Aimee Clesi: It absolutely was. I think Erika and I were very fortunate in the way that we met Ms. Lynn Fisher, who lives in Staines-upon-Thames. And it's a little bit south of Heathrow and not too far from London, about 30-minute train ride. But while Erika and I were over there and we were figuring out how to get to Royal Holloway, which is the school we exchanged with through UF, Lynn was just so helpful in the way that she recommended the secret places to go to, you know, the best food, where to go and see the things that people often miss when they visit London.
Lynn is older, and she worked from a very young age in London. She knows the area extremely well, and we just owe a tremendous debt to her for taking both of us under her wing and being like ... She wrote me a card, and it said that Erika and I, we had adopted British family now. You know. Her two sons, both tremendous young men, the whole family just, they really took us in.

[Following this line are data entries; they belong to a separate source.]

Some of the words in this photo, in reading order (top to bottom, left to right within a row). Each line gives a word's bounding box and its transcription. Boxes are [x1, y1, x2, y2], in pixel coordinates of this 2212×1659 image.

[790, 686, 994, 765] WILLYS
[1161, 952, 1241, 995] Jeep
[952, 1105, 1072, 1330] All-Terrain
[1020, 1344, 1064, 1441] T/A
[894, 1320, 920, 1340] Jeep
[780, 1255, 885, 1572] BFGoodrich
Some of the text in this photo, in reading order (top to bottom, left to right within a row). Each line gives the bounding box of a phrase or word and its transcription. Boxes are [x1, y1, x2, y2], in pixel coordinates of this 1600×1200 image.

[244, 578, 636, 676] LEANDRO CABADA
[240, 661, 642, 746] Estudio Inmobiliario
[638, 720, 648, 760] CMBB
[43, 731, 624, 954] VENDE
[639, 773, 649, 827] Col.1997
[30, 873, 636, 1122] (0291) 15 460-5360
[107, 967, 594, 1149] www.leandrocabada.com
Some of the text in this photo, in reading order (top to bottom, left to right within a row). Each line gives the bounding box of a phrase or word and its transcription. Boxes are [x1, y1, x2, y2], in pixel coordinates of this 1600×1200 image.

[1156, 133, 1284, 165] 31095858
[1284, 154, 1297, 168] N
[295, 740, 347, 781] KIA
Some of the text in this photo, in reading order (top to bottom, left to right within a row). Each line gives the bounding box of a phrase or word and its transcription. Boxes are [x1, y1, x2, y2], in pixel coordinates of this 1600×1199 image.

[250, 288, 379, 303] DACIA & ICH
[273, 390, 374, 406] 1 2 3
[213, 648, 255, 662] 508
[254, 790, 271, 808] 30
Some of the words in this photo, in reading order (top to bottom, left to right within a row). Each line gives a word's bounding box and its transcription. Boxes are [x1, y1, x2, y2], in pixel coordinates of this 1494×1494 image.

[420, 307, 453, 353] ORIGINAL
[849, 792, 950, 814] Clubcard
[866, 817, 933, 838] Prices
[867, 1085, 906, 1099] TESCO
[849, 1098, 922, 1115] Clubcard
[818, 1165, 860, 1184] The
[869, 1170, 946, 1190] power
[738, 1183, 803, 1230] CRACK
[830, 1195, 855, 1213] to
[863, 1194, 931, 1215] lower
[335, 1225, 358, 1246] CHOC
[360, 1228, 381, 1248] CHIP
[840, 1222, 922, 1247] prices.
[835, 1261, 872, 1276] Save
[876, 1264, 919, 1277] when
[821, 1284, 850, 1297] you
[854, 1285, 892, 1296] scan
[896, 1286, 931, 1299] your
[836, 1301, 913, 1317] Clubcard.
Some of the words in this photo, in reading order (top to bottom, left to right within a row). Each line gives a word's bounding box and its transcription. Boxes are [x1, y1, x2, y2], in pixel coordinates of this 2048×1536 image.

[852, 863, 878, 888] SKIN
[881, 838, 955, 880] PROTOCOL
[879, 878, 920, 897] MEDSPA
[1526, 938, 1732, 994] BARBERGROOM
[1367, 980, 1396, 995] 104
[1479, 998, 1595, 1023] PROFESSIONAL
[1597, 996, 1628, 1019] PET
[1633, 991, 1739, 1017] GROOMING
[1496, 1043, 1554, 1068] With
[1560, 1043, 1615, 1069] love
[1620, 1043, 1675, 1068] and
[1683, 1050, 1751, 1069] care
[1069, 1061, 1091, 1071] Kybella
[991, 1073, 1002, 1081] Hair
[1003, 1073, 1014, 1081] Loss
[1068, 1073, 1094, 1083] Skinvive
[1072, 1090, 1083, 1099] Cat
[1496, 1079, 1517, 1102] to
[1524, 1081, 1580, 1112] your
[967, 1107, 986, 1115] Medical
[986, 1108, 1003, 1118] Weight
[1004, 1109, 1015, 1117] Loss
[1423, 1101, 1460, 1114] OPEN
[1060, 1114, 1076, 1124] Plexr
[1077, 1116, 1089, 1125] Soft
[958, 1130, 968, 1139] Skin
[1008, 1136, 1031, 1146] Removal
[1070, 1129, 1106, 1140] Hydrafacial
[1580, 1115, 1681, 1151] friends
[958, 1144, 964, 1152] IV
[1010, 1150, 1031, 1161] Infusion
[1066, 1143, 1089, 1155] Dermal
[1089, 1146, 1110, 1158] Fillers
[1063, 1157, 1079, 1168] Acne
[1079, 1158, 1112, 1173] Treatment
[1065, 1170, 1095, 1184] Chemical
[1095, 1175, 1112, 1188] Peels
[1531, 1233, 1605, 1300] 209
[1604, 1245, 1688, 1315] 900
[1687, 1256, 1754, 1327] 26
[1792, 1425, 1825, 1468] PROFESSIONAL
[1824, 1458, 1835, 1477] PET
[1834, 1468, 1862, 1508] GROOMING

And being over there and also being at Royal Holloway, we met an extraordinary range of people in different fields, different disciplines, different life experiences. We learned about the educational system in the UK, how it differs from how we've been brought up in education in America. And the classes that Erika and I took, we were very lucky in the way that we took one together. So that was something that we'd never done at UF before.
And we had an amazing time there, and we recommend UF exchange programs to everyone at UF. It’s a way to diversify the things that you're able to do. Maybe if you’re scared to travel abroad for the first time, like I was, it can help break that fear, you know, and see a whole new place, and how other people live in the world.
Nicci Brown: Providing context for those things that you learn in the classroom.
Aimee Clesi: Absolutely.
Nicci Brown: And you met with the Rhodes registrar. Can you tell us a little bit more about that experience?
Aimee Clesi: That would be Ms. Mary Eaton. So, while Erica and I were in Staines and attending school at Royal Holloway, Oxford is not a far distance at all from Staines and from our school. So, what Erica and I did was we took a train ride up to Oxford. I had been communicating back and forth with Ms. Mary Eaton, but many scholars, especially American scholars because of the pandemic restrictions and things, they weren't really able to do something like this, go and meet Ms. Eaton, the registrar. The Rhodes Scholarship and The Rhodes Trust, they have their own building, their own kind of community within Oxford. And Oxford is a big place. I immediately noticed when Erika and I got there that the city is the school, and the school is the city. It's a very amazing thing.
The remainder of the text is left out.